Start of DATASET RECORDS

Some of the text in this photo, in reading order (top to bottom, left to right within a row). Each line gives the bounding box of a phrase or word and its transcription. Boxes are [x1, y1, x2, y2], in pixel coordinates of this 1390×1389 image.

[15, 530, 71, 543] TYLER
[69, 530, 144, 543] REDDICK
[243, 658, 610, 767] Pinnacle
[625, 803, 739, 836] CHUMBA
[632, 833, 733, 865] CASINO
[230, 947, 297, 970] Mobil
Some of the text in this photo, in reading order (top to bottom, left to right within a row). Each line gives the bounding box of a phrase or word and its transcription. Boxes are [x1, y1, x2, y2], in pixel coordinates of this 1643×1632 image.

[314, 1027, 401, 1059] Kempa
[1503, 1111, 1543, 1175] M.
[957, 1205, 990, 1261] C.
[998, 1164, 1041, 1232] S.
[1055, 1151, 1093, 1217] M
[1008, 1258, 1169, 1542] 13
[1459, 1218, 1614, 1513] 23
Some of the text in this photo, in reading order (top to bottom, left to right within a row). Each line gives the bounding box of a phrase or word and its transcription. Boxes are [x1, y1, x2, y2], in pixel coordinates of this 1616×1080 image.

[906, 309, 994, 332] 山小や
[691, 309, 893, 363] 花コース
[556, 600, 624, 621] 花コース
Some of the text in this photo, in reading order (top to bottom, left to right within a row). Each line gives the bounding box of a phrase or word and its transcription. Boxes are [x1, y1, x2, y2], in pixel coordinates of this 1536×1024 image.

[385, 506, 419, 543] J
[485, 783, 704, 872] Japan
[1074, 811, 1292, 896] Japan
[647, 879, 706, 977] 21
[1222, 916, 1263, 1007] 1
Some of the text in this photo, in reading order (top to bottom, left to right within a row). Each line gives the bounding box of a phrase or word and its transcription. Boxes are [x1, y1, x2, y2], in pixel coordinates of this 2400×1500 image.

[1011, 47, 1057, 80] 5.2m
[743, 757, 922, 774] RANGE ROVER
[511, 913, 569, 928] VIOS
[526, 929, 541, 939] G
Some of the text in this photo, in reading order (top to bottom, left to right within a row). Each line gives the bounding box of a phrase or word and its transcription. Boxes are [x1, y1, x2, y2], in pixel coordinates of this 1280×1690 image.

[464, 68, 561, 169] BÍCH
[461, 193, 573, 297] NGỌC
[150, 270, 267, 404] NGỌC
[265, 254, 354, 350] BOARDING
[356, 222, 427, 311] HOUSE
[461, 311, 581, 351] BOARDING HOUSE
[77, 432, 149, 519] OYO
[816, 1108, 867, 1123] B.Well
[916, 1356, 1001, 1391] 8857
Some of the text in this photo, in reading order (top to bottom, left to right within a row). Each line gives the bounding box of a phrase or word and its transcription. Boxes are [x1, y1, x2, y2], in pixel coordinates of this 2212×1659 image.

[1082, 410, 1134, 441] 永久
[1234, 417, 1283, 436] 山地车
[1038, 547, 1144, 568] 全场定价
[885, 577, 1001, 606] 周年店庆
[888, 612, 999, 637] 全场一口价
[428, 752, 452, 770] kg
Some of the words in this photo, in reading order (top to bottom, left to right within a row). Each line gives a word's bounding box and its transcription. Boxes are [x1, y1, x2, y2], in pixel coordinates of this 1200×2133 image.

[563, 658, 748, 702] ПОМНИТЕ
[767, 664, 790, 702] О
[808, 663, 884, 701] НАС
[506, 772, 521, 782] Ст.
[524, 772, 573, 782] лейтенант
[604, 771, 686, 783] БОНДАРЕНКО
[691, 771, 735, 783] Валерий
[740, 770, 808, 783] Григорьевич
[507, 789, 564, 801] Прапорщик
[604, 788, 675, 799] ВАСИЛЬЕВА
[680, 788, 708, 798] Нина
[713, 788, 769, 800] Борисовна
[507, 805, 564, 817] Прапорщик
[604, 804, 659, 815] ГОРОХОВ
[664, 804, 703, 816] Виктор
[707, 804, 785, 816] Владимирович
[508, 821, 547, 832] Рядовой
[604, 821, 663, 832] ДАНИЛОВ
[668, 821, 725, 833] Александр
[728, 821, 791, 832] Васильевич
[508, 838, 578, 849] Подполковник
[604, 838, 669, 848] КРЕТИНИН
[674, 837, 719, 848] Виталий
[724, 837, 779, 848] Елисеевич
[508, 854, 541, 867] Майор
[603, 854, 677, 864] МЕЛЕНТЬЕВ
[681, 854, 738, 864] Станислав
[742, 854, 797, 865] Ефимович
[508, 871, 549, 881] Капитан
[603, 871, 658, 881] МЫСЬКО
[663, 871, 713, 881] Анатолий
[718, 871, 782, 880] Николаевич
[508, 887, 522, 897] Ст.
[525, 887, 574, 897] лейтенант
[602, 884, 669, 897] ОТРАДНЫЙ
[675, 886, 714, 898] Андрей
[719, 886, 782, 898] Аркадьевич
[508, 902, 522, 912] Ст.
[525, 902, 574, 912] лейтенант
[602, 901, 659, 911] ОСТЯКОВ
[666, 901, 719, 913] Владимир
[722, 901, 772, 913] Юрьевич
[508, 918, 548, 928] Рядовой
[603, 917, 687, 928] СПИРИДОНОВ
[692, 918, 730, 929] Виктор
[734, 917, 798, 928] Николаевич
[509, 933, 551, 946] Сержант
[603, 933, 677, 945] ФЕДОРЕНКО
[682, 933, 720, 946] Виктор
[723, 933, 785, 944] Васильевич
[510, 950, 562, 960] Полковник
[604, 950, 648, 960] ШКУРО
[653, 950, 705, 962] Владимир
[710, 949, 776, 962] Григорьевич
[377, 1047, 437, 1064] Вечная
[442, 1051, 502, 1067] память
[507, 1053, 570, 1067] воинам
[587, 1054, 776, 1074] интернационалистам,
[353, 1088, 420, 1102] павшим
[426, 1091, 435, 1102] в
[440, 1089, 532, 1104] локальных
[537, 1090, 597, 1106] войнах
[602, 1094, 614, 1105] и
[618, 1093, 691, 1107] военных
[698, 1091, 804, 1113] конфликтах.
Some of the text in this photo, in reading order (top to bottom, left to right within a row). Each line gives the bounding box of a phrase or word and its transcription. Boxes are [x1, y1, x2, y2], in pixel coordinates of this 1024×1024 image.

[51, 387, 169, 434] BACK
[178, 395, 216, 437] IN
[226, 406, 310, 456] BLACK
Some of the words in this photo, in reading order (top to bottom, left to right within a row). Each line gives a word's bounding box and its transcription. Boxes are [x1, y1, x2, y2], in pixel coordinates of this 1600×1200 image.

End of DATASET RECORDS

Type out the records again exactly, line for line.

▸ EXERCISE RESPONSE:
Some of the text in this photo, in reading order (top to bottom, left to right within a row). Each line gives the bounding box of a phrase or word and its transcription. Boxes are [x1, y1, x2, y2], in pixel coordinates of this 1390×1389 image.

[15, 530, 71, 543] TYLER
[69, 530, 144, 543] REDDICK
[243, 658, 610, 767] Pinnacle
[625, 803, 739, 836] CHUMBA
[632, 833, 733, 865] CASINO
[230, 947, 297, 970] Mobil
Some of the text in this photo, in reading order (top to bottom, left to right within a row). Each line gives the bounding box of a phrase or word and its transcription. Boxes are [x1, y1, x2, y2], in pixel coordinates of this 1643×1632 image.

[314, 1027, 401, 1059] Kempa
[1503, 1111, 1543, 1175] M.
[957, 1205, 990, 1261] C.
[998, 1164, 1041, 1232] S.
[1055, 1151, 1093, 1217] M
[1008, 1258, 1169, 1542] 13
[1459, 1218, 1614, 1513] 23
Some of the text in this photo, in reading order (top to bottom, left to right within a row). Each line gives the bounding box of a phrase or word and its transcription. Boxes are [x1, y1, x2, y2], in pixel coordinates of this 1616×1080 image.

[906, 309, 994, 332] 山小や
[691, 309, 893, 363] 花コース
[556, 600, 624, 621] 花コース
Some of the text in this photo, in reading order (top to bottom, left to right within a row). Each line gives the bounding box of a phrase or word and its transcription. Boxes are [x1, y1, x2, y2], in pixel coordinates of this 1536×1024 image.

[385, 506, 419, 543] J
[485, 783, 704, 872] Japan
[1074, 811, 1292, 896] Japan
[647, 879, 706, 977] 21
[1222, 916, 1263, 1007] 1
Some of the text in this photo, in reading order (top to bottom, left to right within a row). Each line gives the bounding box of a phrase or word and its transcription. Boxes are [x1, y1, x2, y2], in pixel coordinates of this 2400×1500 image.

[1011, 47, 1057, 80] 5.2m
[743, 757, 922, 774] RANGE ROVER
[511, 913, 569, 928] VIOS
[526, 929, 541, 939] G
Some of the text in this photo, in reading order (top to bottom, left to right within a row). Each line gives the bounding box of a phrase or word and its transcription. Boxes are [x1, y1, x2, y2], in pixel coordinates of this 1280×1690 image.

[464, 68, 561, 169] BÍCH
[461, 193, 573, 297] NGỌC
[150, 270, 267, 404] NGỌC
[265, 254, 354, 350] BOARDING
[356, 222, 427, 311] HOUSE
[461, 311, 581, 351] BOARDING HOUSE
[77, 432, 149, 519] OYO
[816, 1108, 867, 1123] B.Well
[916, 1356, 1001, 1391] 8857
Some of the text in this photo, in reading order (top to bottom, left to right within a row). Each line gives the bounding box of a phrase or word and its transcription. Boxes are [x1, y1, x2, y2], in pixel coordinates of this 2212×1659 image.

[1082, 410, 1134, 441] 永久
[1234, 417, 1283, 436] 山地车
[1038, 547, 1144, 568] 全场定价
[885, 577, 1001, 606] 周年店庆
[888, 612, 999, 637] 全场一口价
[428, 752, 452, 770] kg
Some of the words in this photo, in reading order (top to bottom, left to right within a row). Each line gives a word's bounding box and its transcription. Boxes are [x1, y1, x2, y2], in pixel coordinates of this 1200×2133 image.

[563, 658, 748, 702] ПОМНИТЕ
[767, 664, 790, 702] О
[808, 663, 884, 701] НАС
[506, 772, 521, 782] Ст.
[524, 772, 573, 782] лейтенант
[604, 771, 686, 783] БОНДАРЕНКО
[691, 771, 735, 783] Валерий
[740, 770, 808, 783] Григорьевич
[507, 789, 564, 801] Прапорщик
[604, 788, 675, 799] ВАСИЛЬЕВА
[680, 788, 708, 798] Нина
[713, 788, 769, 800] Борисовна
[507, 805, 564, 817] Прапорщик
[604, 804, 659, 815] ГОРОХОВ
[664, 804, 703, 816] Виктор
[707, 804, 785, 816] Владимирович
[508, 821, 547, 832] Рядовой
[604, 821, 663, 832] ДАНИЛОВ
[668, 821, 725, 833] Александр
[728, 821, 791, 832] Васильевич
[508, 838, 578, 849] Подполковник
[604, 838, 669, 848] КРЕТИНИН
[674, 837, 719, 848] Виталий
[724, 837, 779, 848] Елисеевич
[508, 854, 541, 867] Майор
[603, 854, 677, 864] МЕЛЕНТЬЕВ
[681, 854, 738, 864] Станислав
[742, 854, 797, 865] Ефимович
[508, 871, 549, 881] Капитан
[603, 871, 658, 881] МЫСЬКО
[663, 871, 713, 881] Анатолий
[718, 871, 782, 880] Николаевич
[508, 887, 522, 897] Ст.
[525, 887, 574, 897] лейтенант
[602, 884, 669, 897] ОТРАДНЫЙ
[675, 886, 714, 898] Андрей
[719, 886, 782, 898] Аркадьевич
[508, 902, 522, 912] Ст.
[525, 902, 574, 912] лейтенант
[602, 901, 659, 911] ОСТЯКОВ
[666, 901, 719, 913] Владимир
[722, 901, 772, 913] Юрьевич
[508, 918, 548, 928] Рядовой
[603, 917, 687, 928] СПИРИДОНОВ
[692, 918, 730, 929] Виктор
[734, 917, 798, 928] Николаевич
[509, 933, 551, 946] Сержант
[603, 933, 677, 945] ФЕДОРЕНКО
[682, 933, 720, 946] Виктор
[723, 933, 785, 944] Васильевич
[510, 950, 562, 960] Полковник
[604, 950, 648, 960] ШКУРО
[653, 950, 705, 962] Владимир
[710, 949, 776, 962] Григорьевич
[377, 1047, 437, 1064] Вечная
[442, 1051, 502, 1067] память
[507, 1053, 570, 1067] воинам
[587, 1054, 776, 1074] интернационалистам,
[353, 1088, 420, 1102] павшим
[426, 1091, 435, 1102] в
[440, 1089, 532, 1104] локальных
[537, 1090, 597, 1106] войнах
[602, 1094, 614, 1105] и
[618, 1093, 691, 1107] военных
[698, 1091, 804, 1113] конфликтах.
Some of the text in this photo, in reading order (top to bottom, left to right within a row). Each line gives the bounding box of a phrase or word and its transcription. Boxes are [x1, y1, x2, y2], in pixel coordinates of this 1024×1024 image.

[51, 387, 169, 434] BACK
[178, 395, 216, 437] IN
[226, 406, 310, 456] BLACK
Some of the words in this photo, in reading order (top to bottom, left to right within a row). Each line gives a word's bounding box and its transcription. Boxes are [x1, y1, x2, y2], in pixel coordinates of this 1600×1200 image.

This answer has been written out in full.